Hedefimizde, Düzce’de pek bilinmeyen fakat güzelliği ile Karadeniz yaylarını aratmayan, gördüğümüz fotoğraflarda bizi büyüsü altına alan Pürenli Yaylası var. Adını, içinde barındırdığı pürenlerden alan yayla, Gölyaka’ya 24, Düzce’ye 28 kilometre mesafede, rakımı 1400 metredir. Bölgedeki orman dokusu ağırlıklı olarak yaşlı göknar ve kayınlardan oluşur. Sarıçam ve melez ağaç türleri de yer yer kendini gösterir. Oldukça geniş bir orman dokusuna sahip bölgede yaban hayat insandan saklanarak yaşamını sürdürmektedir. Ayı ve yaban domuzunun yanı sıra geyik, karaca ve tilki ancak izine rastlayacağınız yaban hayvanlarındandır.

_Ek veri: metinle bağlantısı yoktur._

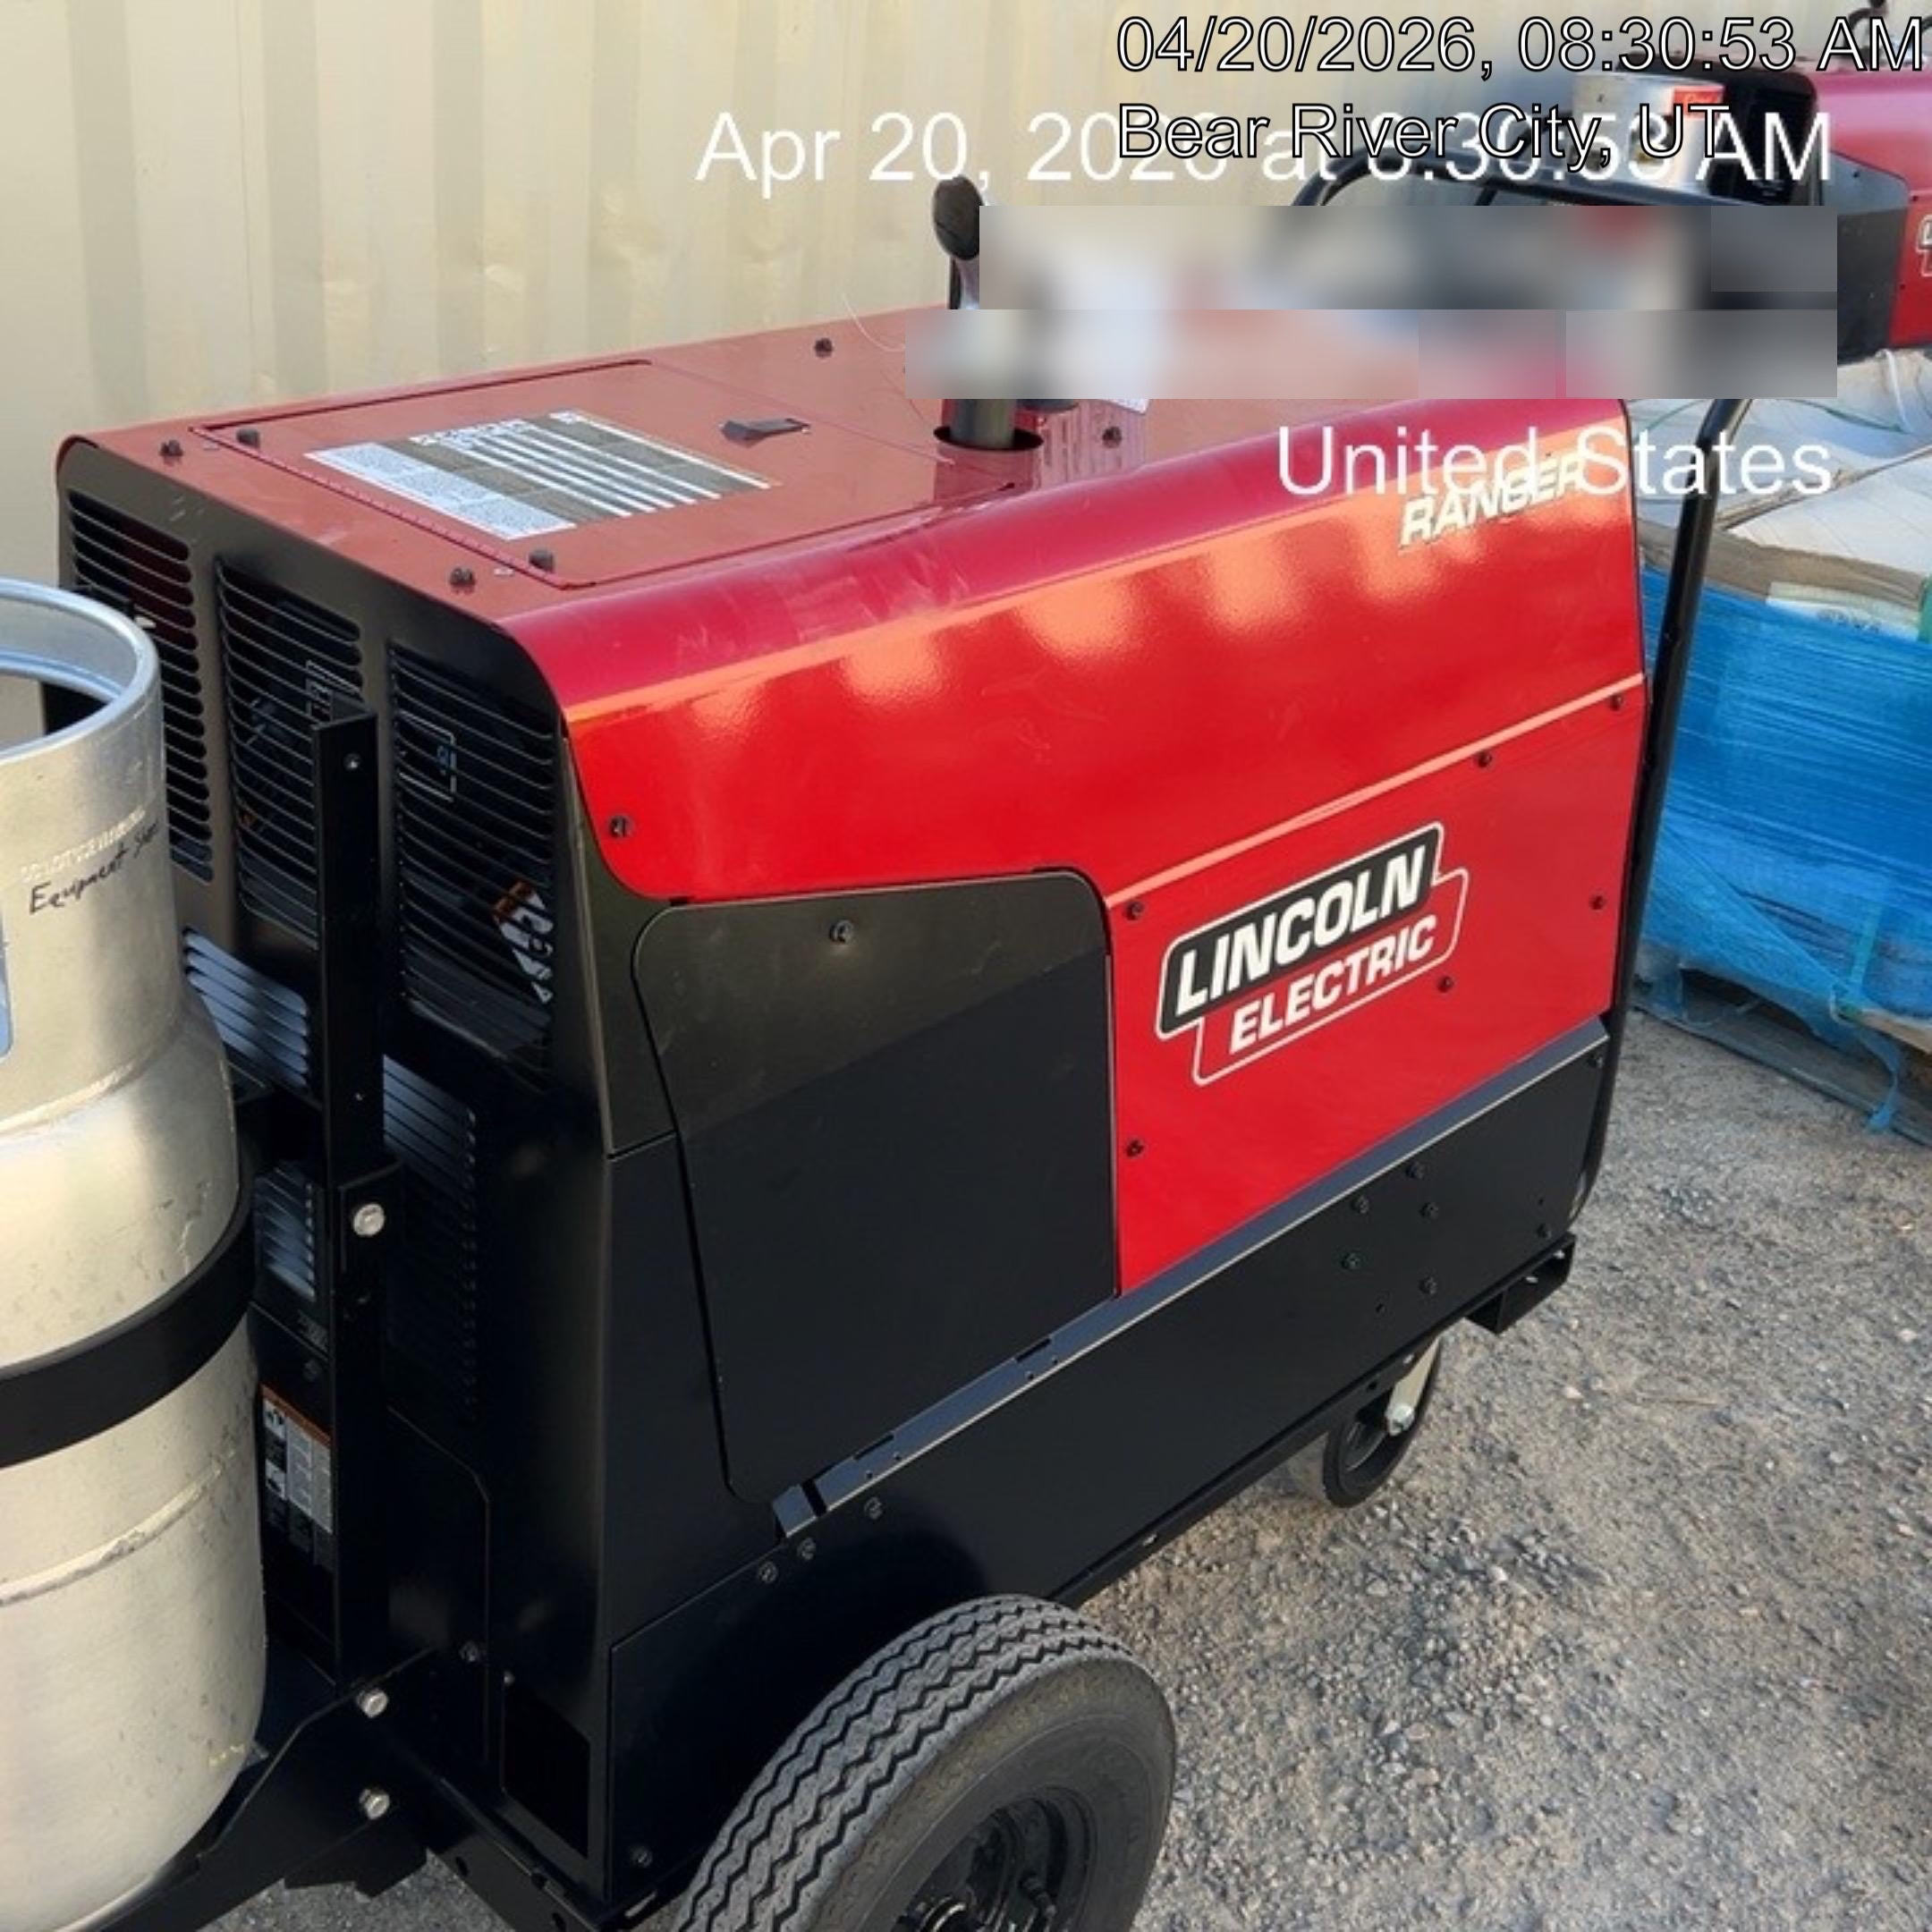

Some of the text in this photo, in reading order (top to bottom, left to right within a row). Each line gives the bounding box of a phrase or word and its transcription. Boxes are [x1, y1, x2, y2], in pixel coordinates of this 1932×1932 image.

Orman içerisinden çıkıp geniş yayla düzlüklerine geldiğimizde gökyüzünde kartal, şahin gibi yırtıcı kuşların yanında kuzgunların, ormanın sessizliğini bozan sesleri kulaklarınıza ulaşır. Hera ve Balıklı Yaylaları ile çevrili Pürenli Yaylası’na iki noktadan çıkış yapılabiliyor. Biri Mudurnu tarafından, diğeri Gölyaka’dan.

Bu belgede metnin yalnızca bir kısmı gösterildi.